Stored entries
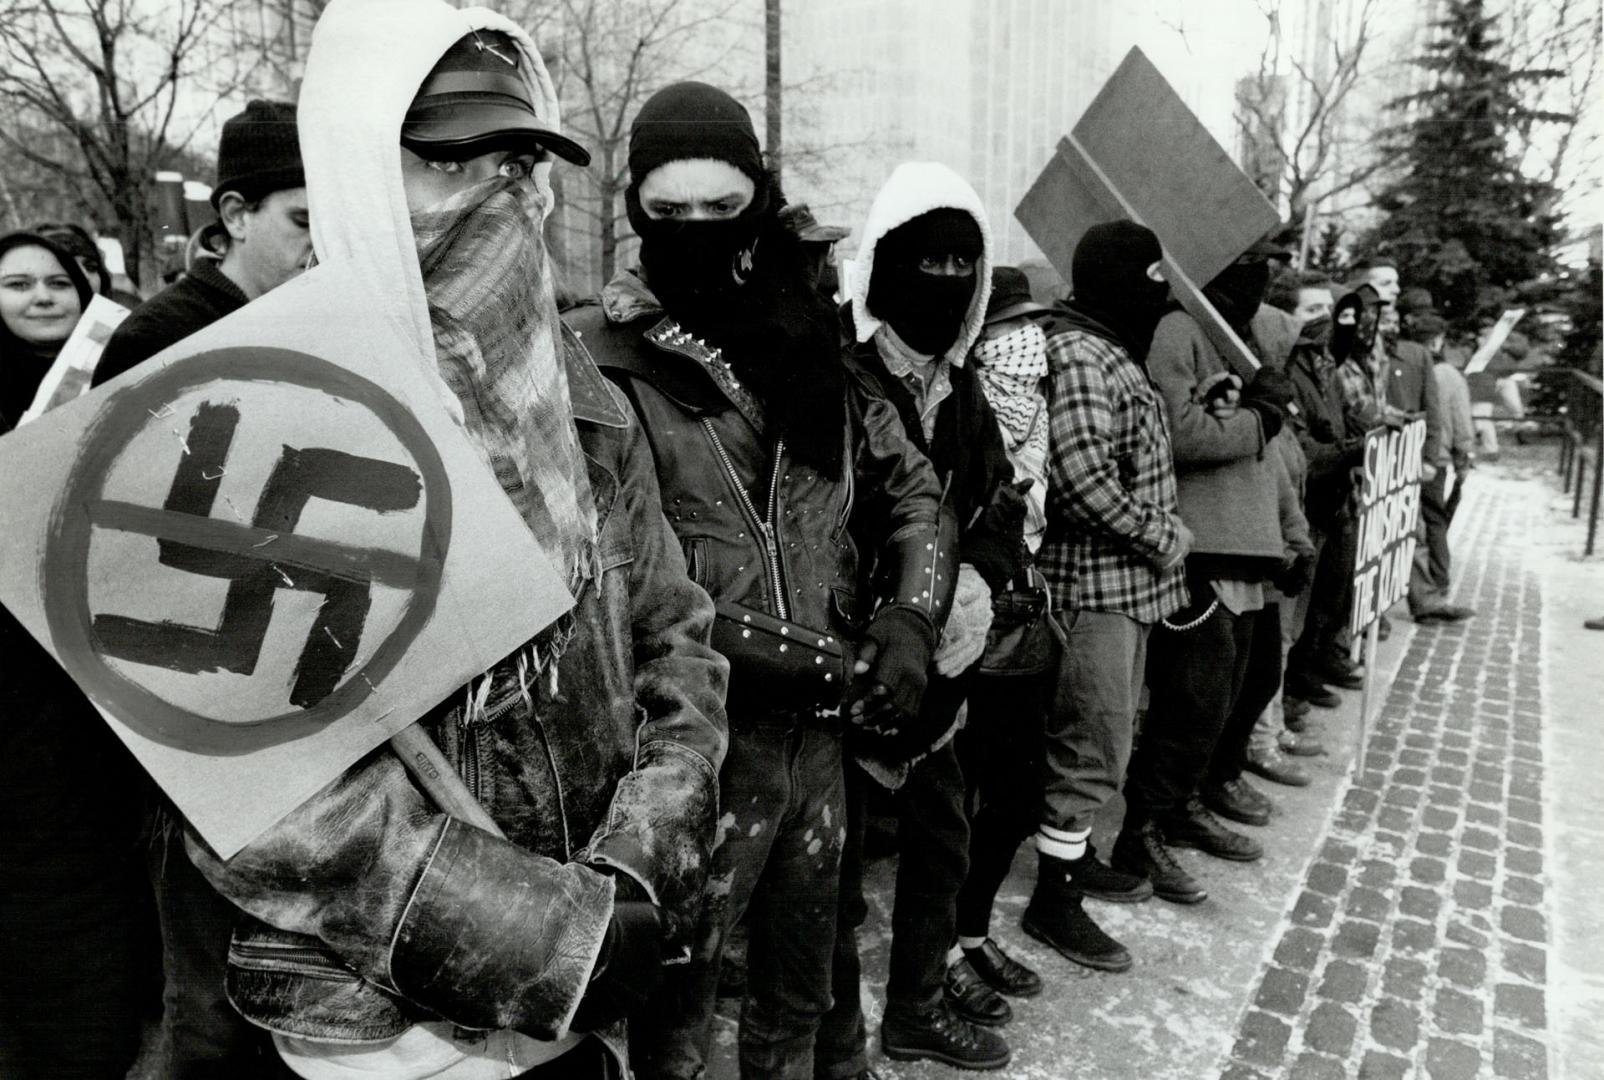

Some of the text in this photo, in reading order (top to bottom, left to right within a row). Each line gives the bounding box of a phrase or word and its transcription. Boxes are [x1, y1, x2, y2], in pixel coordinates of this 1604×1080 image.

[1362, 419, 1427, 506] SAVE OUR
[1352, 565, 1379, 635] THE
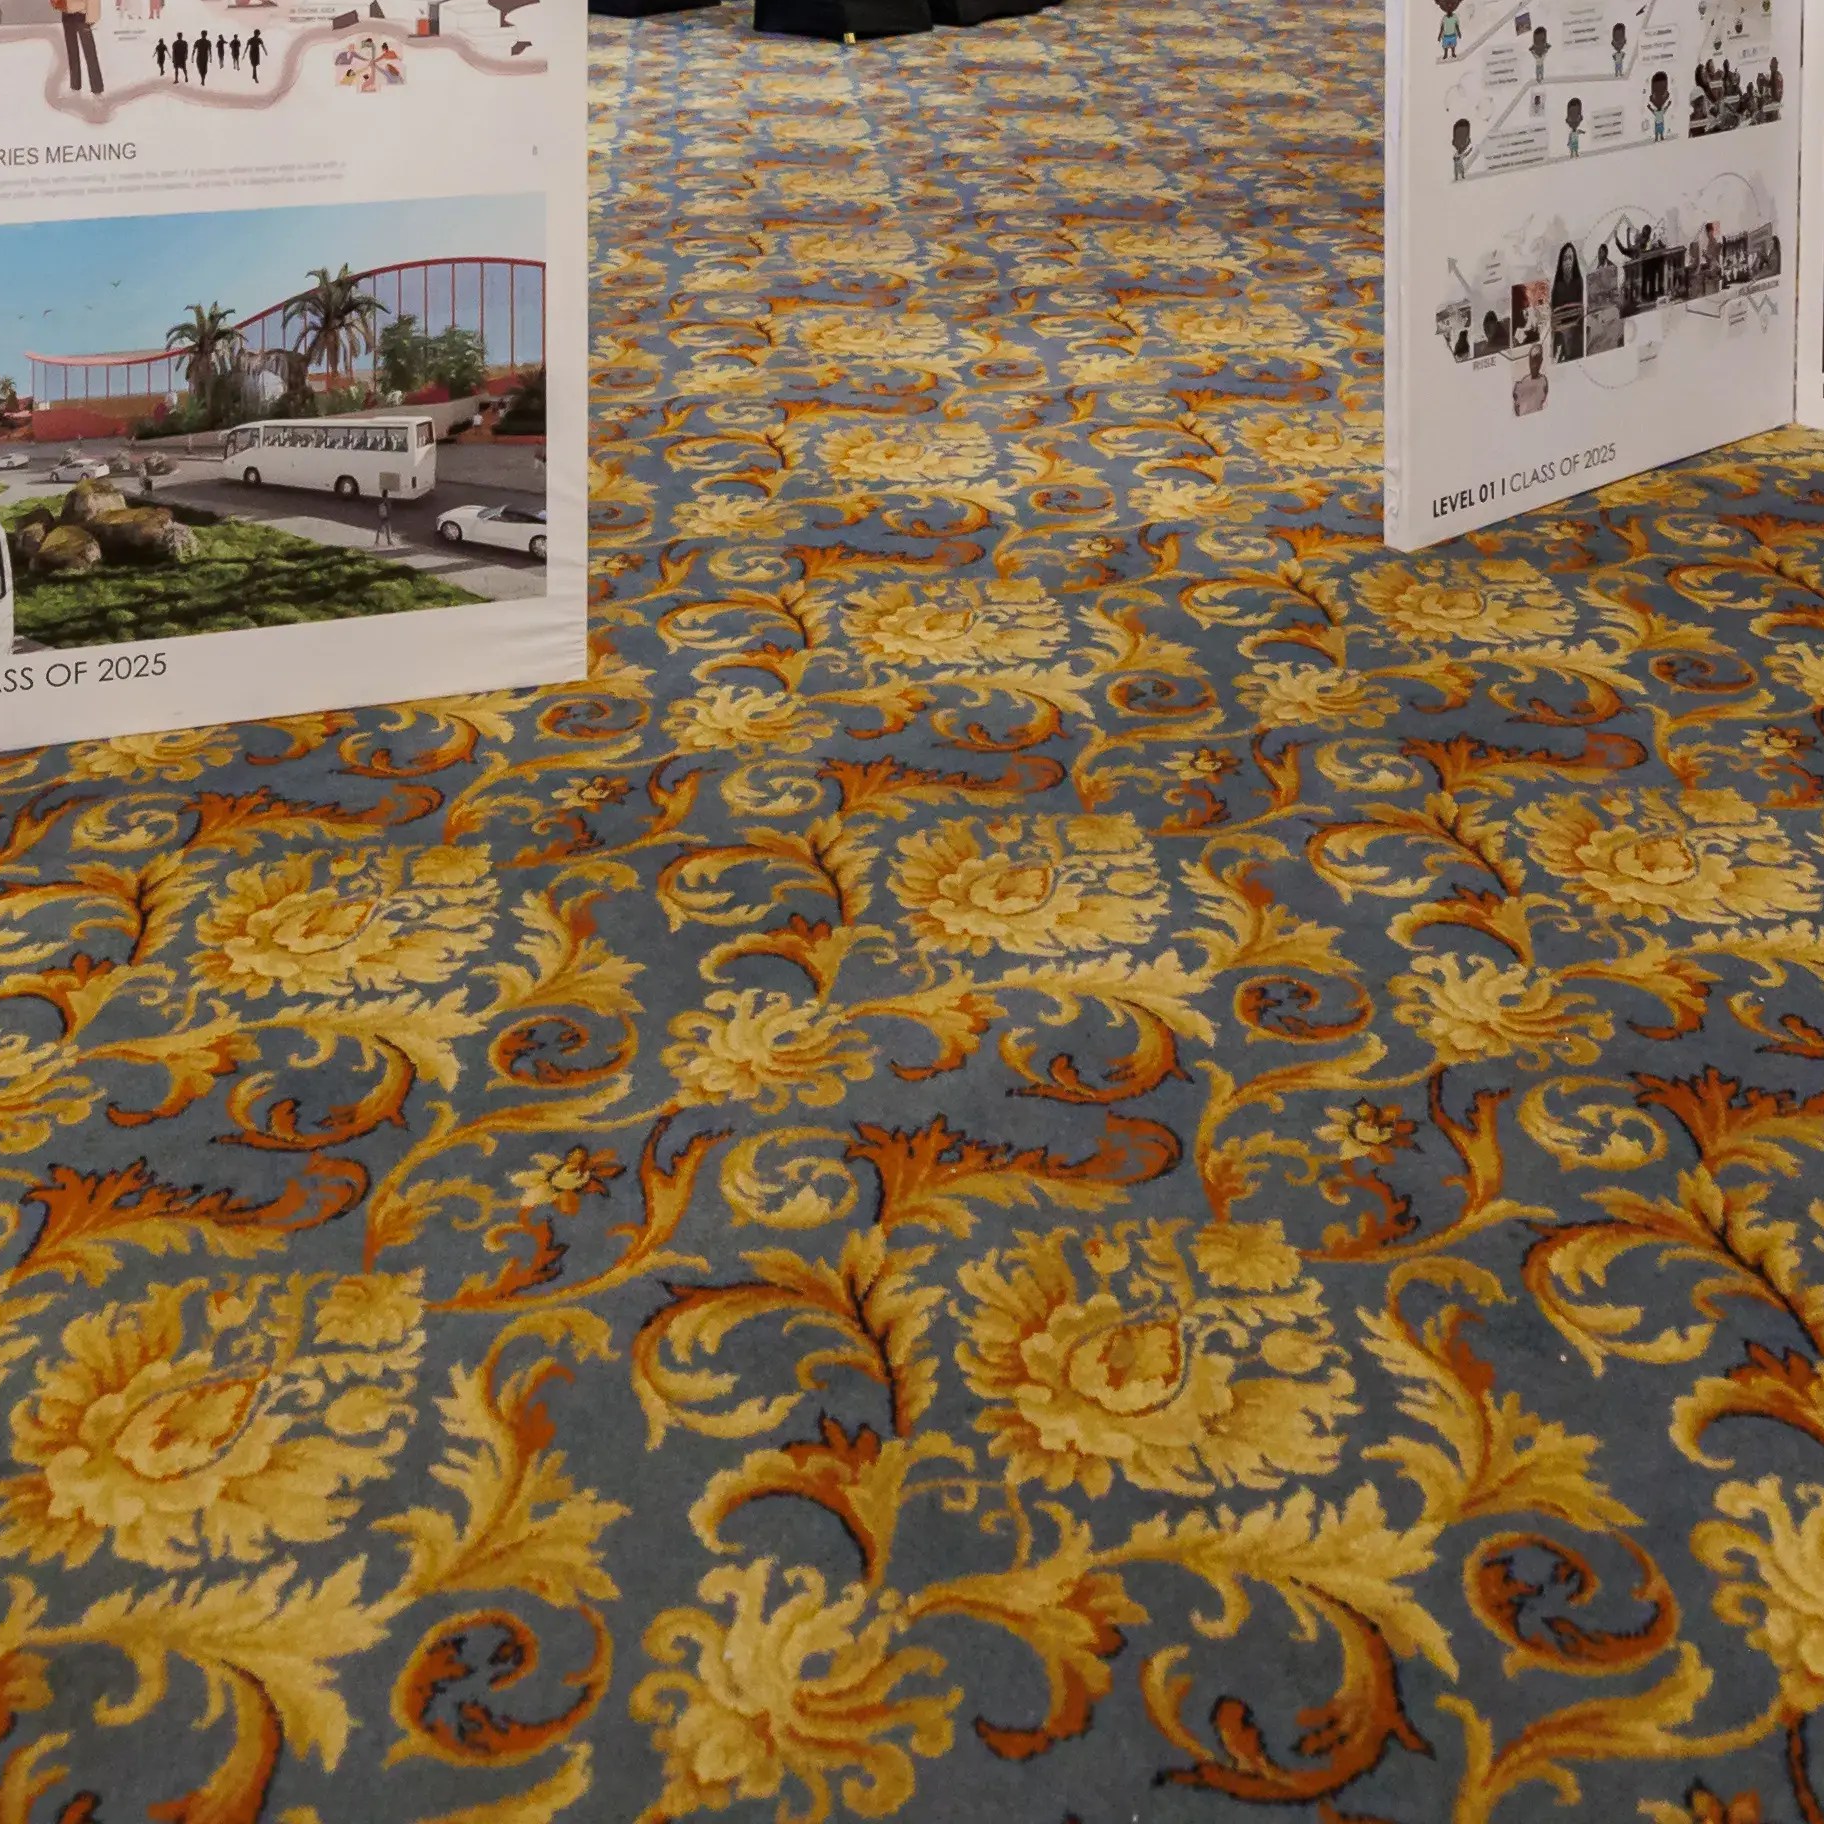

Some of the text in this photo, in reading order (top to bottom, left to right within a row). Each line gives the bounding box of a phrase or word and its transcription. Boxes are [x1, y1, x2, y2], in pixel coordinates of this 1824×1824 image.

[46, 142, 137, 164] MEANING
[1433, 488, 1475, 518] LEVEL
[1479, 481, 1495, 503] 01
[1509, 461, 1556, 492] CLASS
[1559, 454, 1580, 477] OF
[1584, 442, 1616, 469] 2025
[46, 660, 88, 688] OF
[98, 651, 168, 682] 2025
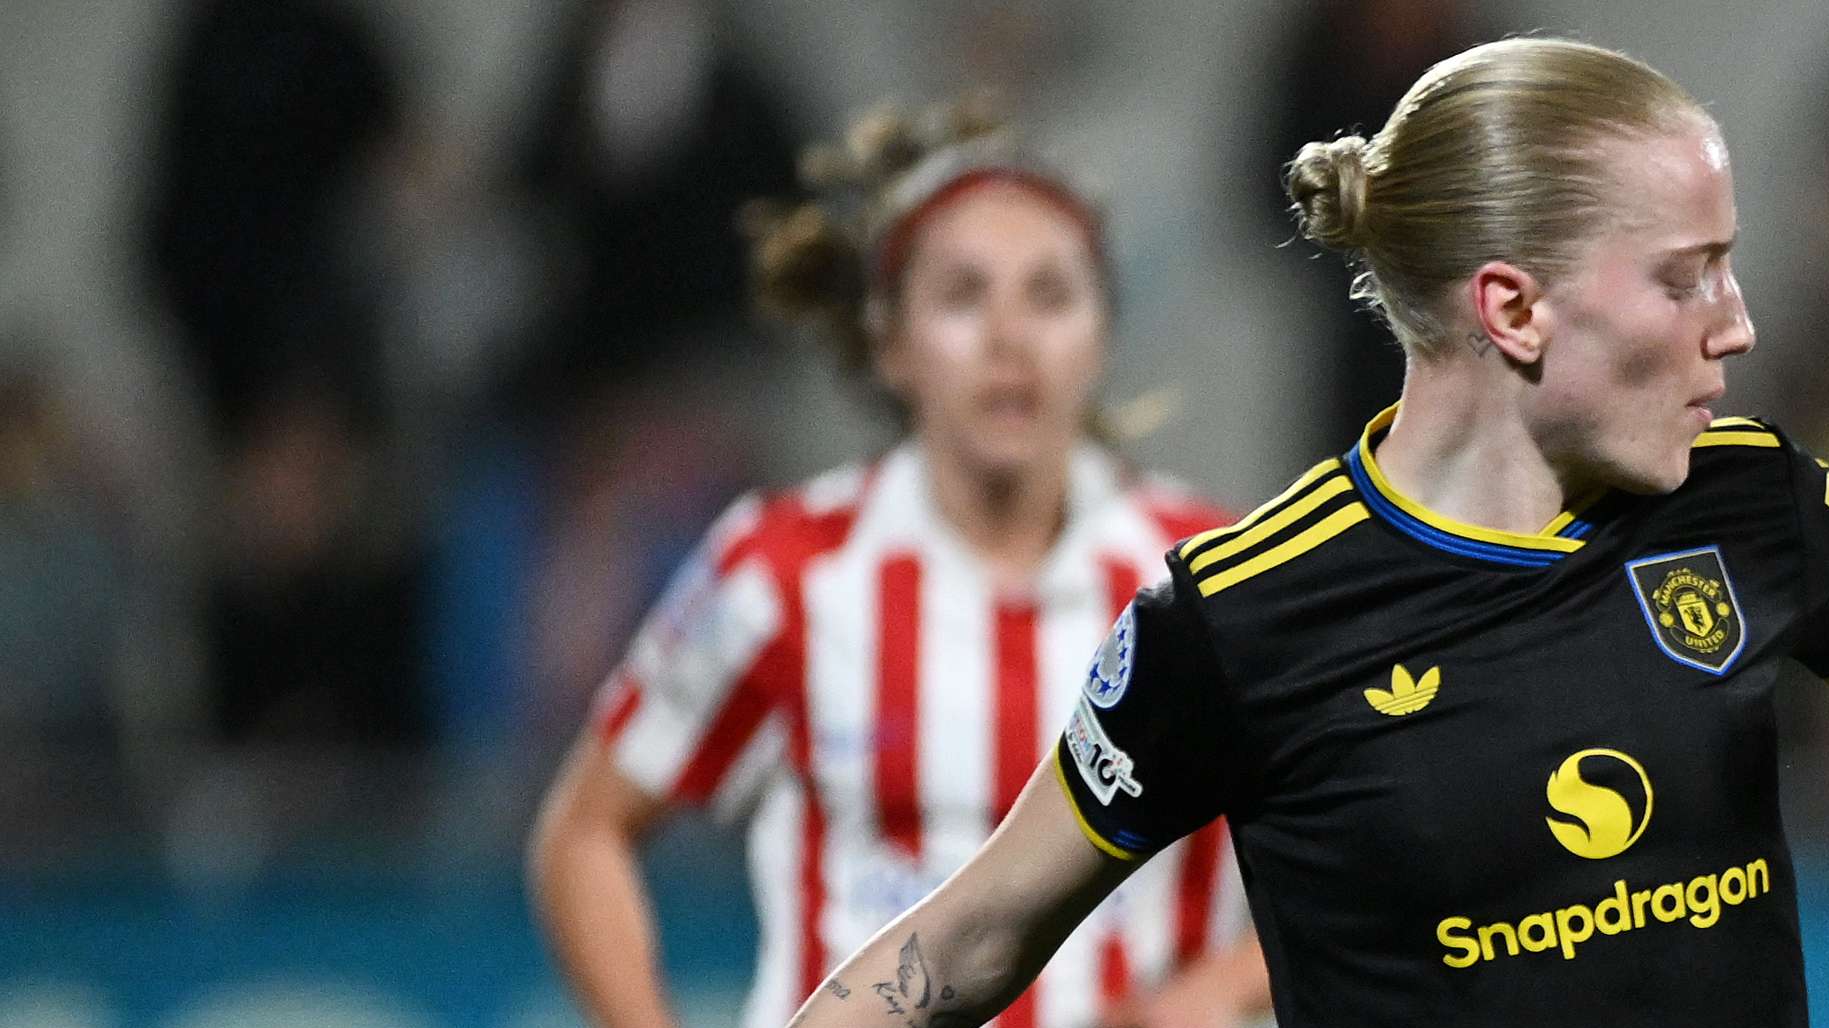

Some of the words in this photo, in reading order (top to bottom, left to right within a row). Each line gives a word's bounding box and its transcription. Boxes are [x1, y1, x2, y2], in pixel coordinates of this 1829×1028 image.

[1659, 575, 1717, 607] MANCHESTER
[1685, 629, 1726, 649] UNITED
[1436, 858, 1771, 969] Snapdragon
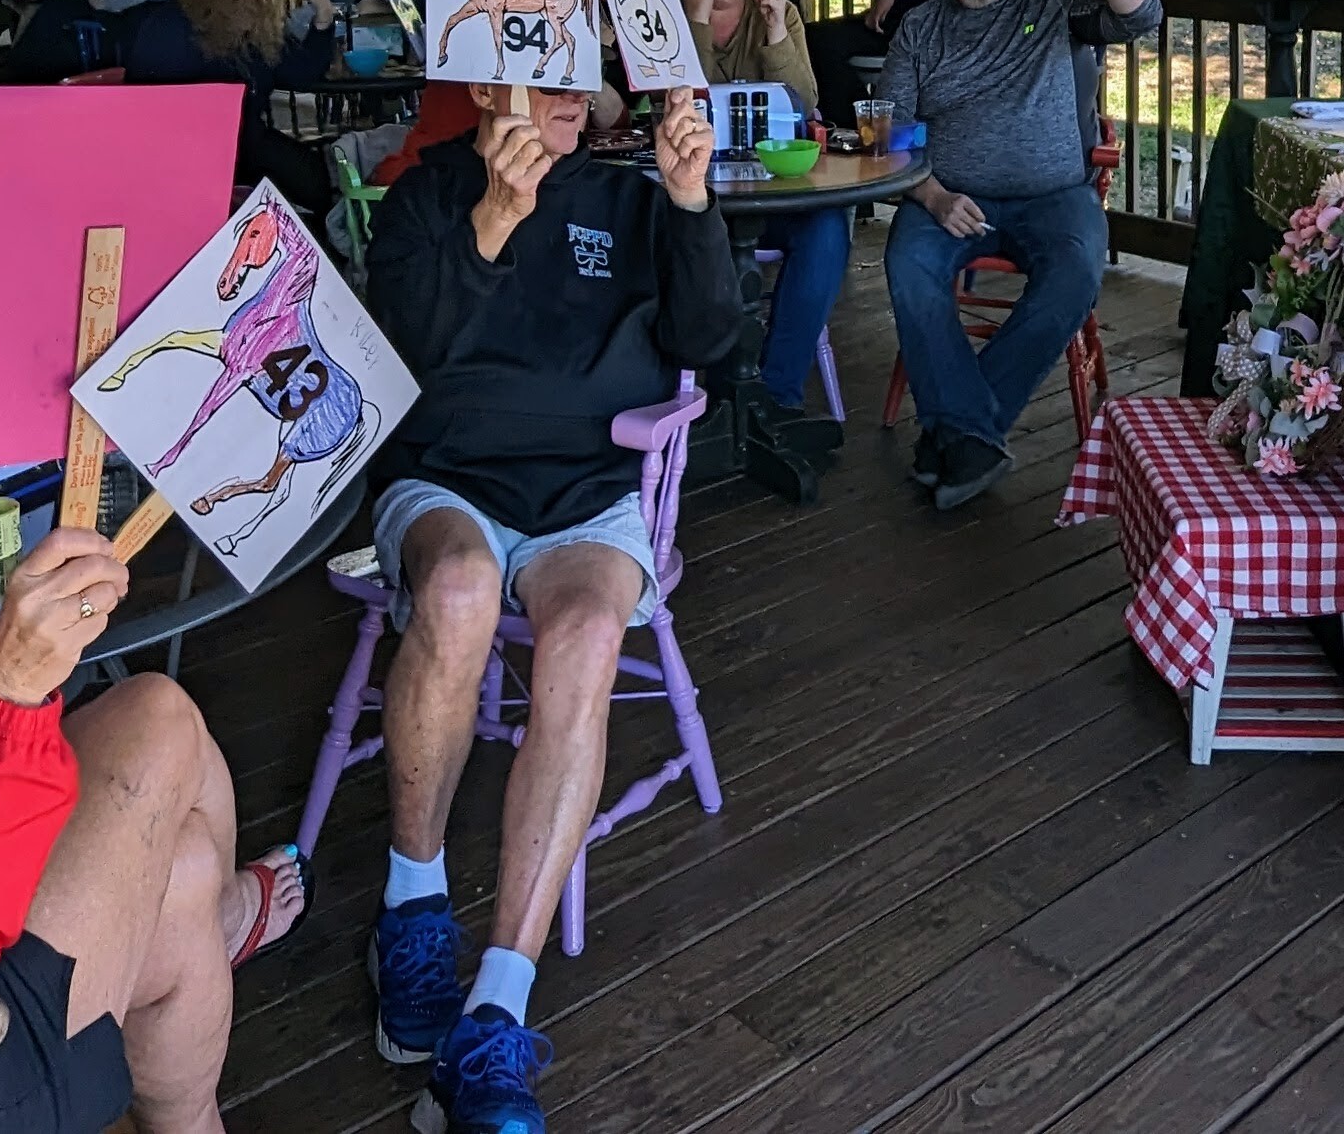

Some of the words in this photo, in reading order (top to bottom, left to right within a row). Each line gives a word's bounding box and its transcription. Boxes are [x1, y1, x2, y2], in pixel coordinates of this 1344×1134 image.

[502, 15, 549, 54] 94
[634, 8, 668, 43] 34
[261, 344, 329, 421] 43

What needs to be done >>
Only the text of the records belongs in your answer, copied exactly as it appears above.

Answer to the problem >>
Some of the text in this photo, in reading order (top to bottom, left to right within a row). Each line gives the bounding box of a phrase or word and its transcription. Boxes are [x1, y1, x2, y2], in pixel coordinates of this 1604×1080 image.

[1362, 419, 1427, 506] SAVE OUR
[1352, 565, 1379, 635] THE

Some of the text in this photo, in reading order (top to bottom, left to right within a row). Each line gives the bounding box of a phrase or word and its transcription. Boxes are [x1, y1, x2, y2], in pixel coordinates of this 1824×1824 image.

[46, 142, 137, 164] MEANING
[1433, 488, 1475, 518] LEVEL
[1479, 481, 1495, 503] 01
[1509, 461, 1556, 492] CLASS
[1559, 454, 1580, 477] OF
[1584, 442, 1616, 469] 2025
[46, 660, 88, 688] OF
[98, 651, 168, 682] 2025

Some of the words in this photo, in reading order (top to bottom, left to right within a row). Each line gives a word's bounding box and its transcription. Boxes are [x1, y1, x2, y2], in pixel coordinates of this 1829×1028 image.

[1659, 575, 1717, 607] MANCHESTER
[1685, 629, 1726, 649] UNITED
[1436, 858, 1771, 969] Snapdragon

Some of the words in this photo, in reading order (top to bottom, left to right within a row). Each line gives a word's bounding box and its transcription. Boxes are [x1, y1, x2, y2], in pixel coordinates of this 1344×1134 image.

[502, 15, 549, 54] 94
[634, 8, 668, 43] 34
[261, 344, 329, 421] 43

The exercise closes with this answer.